Shiva Rijal
S.C. Suman has asked me to write a short text on his paintings. It comes amidst his hasty schedules as usual. He makes a trip to the USA to run workshops on Mithila paintings for some weeks. As soon as he lands in Kathmandu, he flies to his home town in Madhes province. Back to Kathmandu, he becomes busy arranging for the upcoming exhibition that you have come to watch finally. In the meantime, he has executed some fresh paintings. I go to meet him at his residence in Bafal area. It seems I have followed his paintings for over two decades now. But finding him among his paintings at his home reveals some new meanings to me. A proud family man, he is a humble human being. He spreads out his paintings of all sizes, old and new, on the floor. They overwhelm me. I notice the degree of engagement he has made and time spent on executing Mithila paintings. He offers me brochures which include texts written by famous art and culture critics of the nation. I am preoccupied with a desire to discover the shadow of political changes that Nepalis have gone through in the recent decades in his paintings.

19X29 Inches | Acrylic on Nepali Paper | 2024
Upon observing, I find that the motifs from the world of traditional Mithila paintings change their colors and contours, shape and size. As they are placed side by side the motifs taken from non-Mithila cultural contexts become eloquent. I notice motifs from the Rajasthani paintings, and also the motifs from Mandala and Thangka, as well as Newari and Tibetan artistic and cultural expressions. The capital Valley and other culturally and artistically vibrant places in Suman’s paintings appear as subjects bonded with shared cultural and spiritual values with Mithila world views.
As a sojourner, Suman chronicles cultural and artistic expressions and motifs found beyond his cultural space within the visual narratives of Mithila paintings. The urban chaos of Kathmandu, the cultural cosmos of Newari order, the Pashupatinath temple, the Rajasthan’s urban escape, they all acquire Mithila aura in the hand of this painter. I regard it as the power of the artist. The Mithila cosmos manifested in his paintings and drawings do not function as supplementary materials. They become the narrative frames. They provide space for motifs from neighboring cultural and artistic sphere to come and be part of the cosmos of Mithila cultural order.
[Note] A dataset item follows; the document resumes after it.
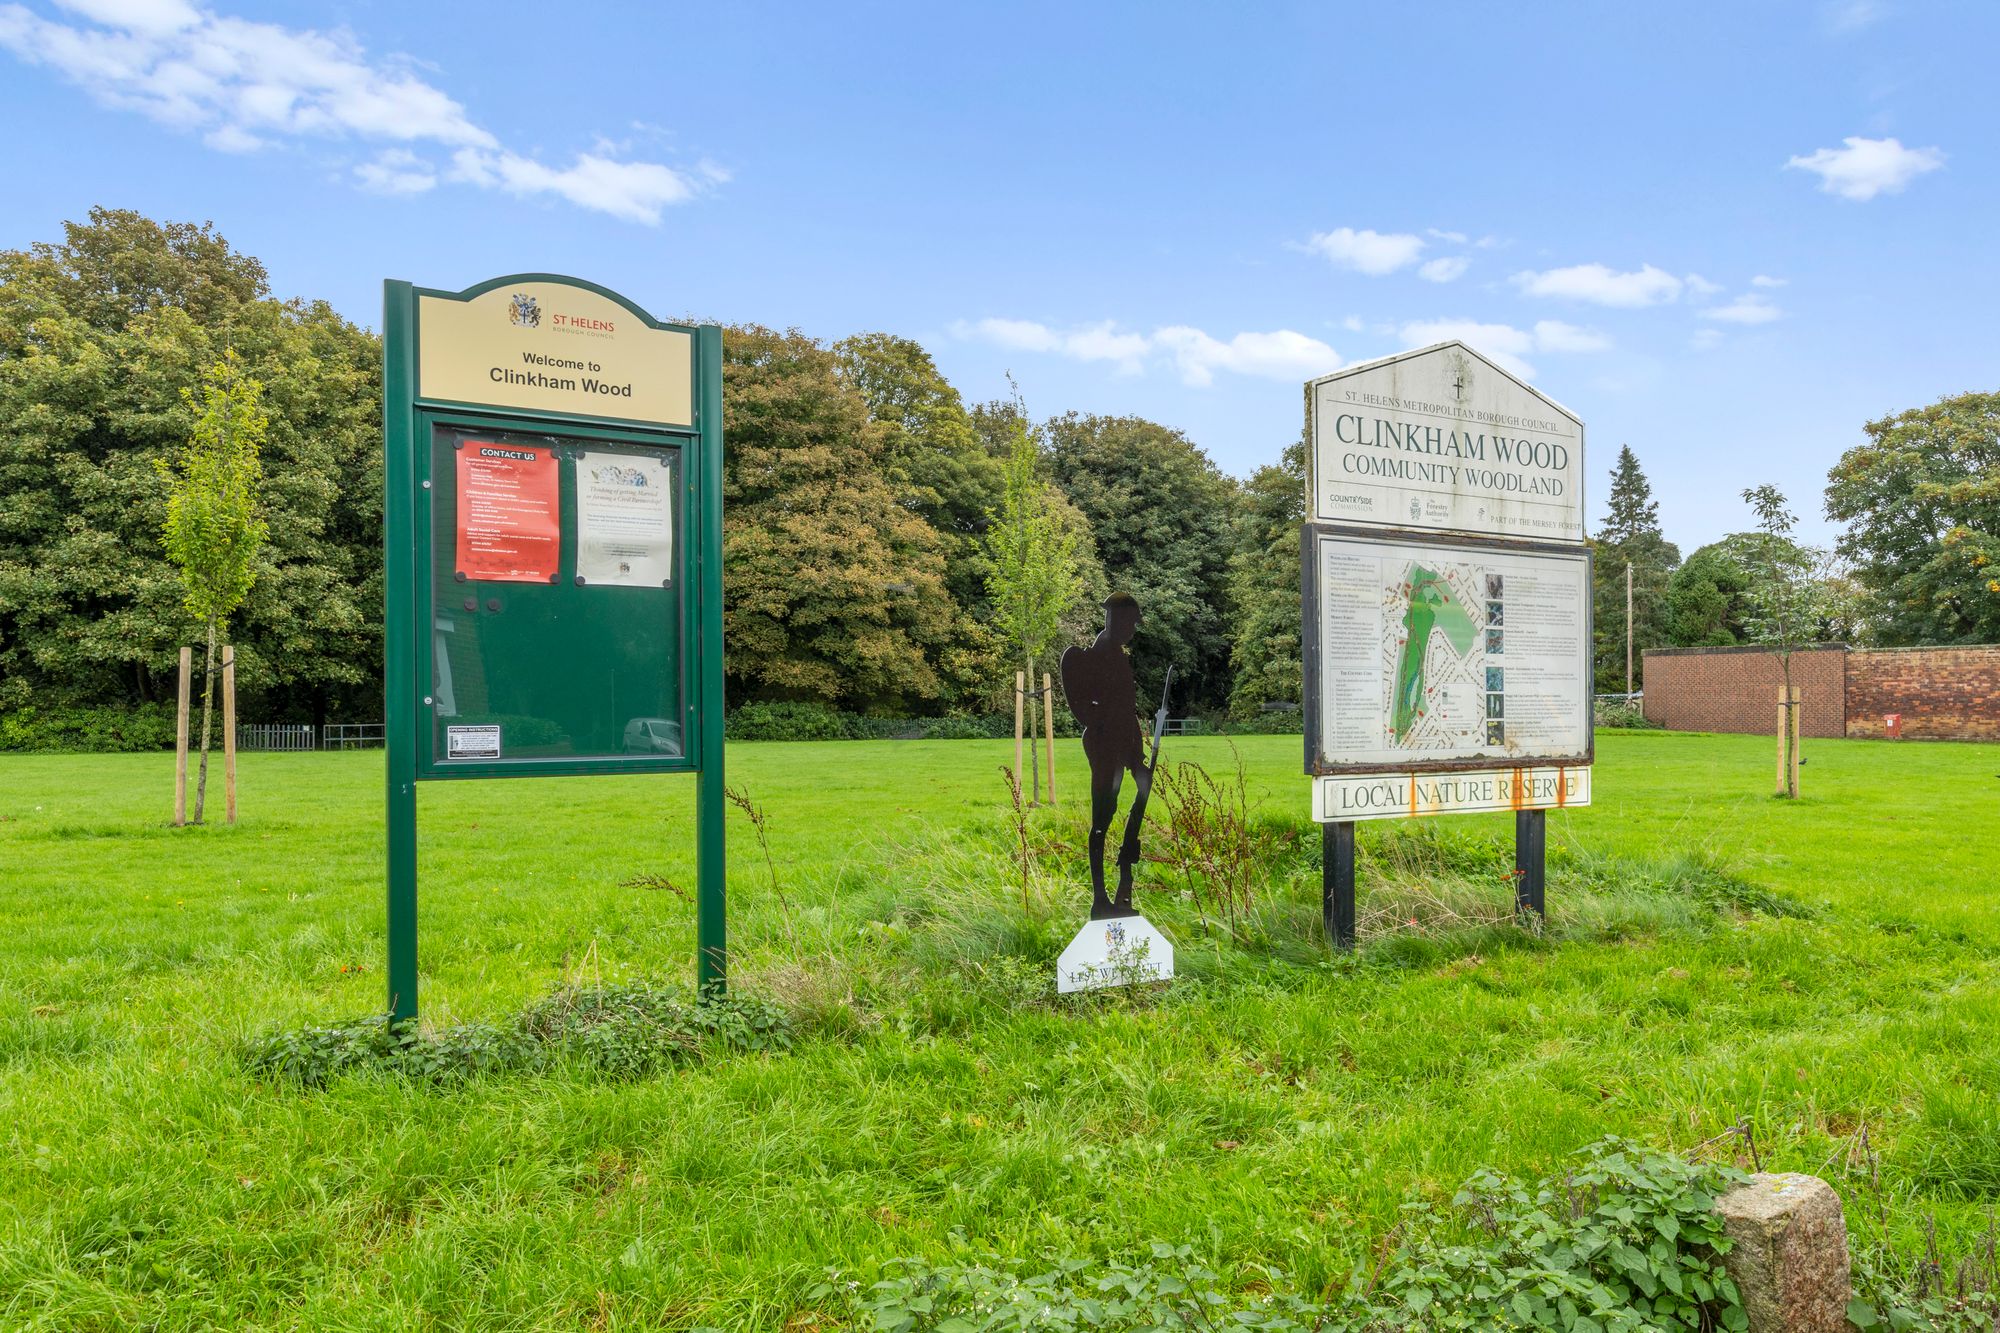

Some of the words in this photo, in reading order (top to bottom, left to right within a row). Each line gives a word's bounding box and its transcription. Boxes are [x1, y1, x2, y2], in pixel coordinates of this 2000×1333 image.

This visual narrative methodology becomes a very persuasive to the onlookers as they find non-Mithila motifs merging in Ram and Sita’s marriage episode, and Krishna and Radha’s romance and similar other myths and legends. The views and philosophies on life the traditional Mithila paintings narrate through culturally and naturally appealing motifs such as fish, peacock, tree and so on are laden with universal meanings. Such deeply rooted Mithila motifs become solid poetic foundations, which absolve the non-Mithila motifs without distorting their original meanings. The White House and metropolitan city of the West acquire color and contour from the cosmos of Mithila paintings. They are imbued with Janakapur’s architectural and natural aura. The White House within the visual narrative frame of Mithila painting in Suman’s hand reminds the viewers of the famous Ram Janaki temple. By providing such space for images of new land, the Mithila paintings in his hand acquire greater articulating power. This also defines the journey the painter himself has been making over the decades. Someone known for providing Mithila paining of traditional order a new recognition as well as establishing it as one of the strongest forms of artistic expression, his success as a Mithila painter of international stature should be praised for the reason that he acquires such power of evoking global social and artistic forces while remaining a local in the visual frame.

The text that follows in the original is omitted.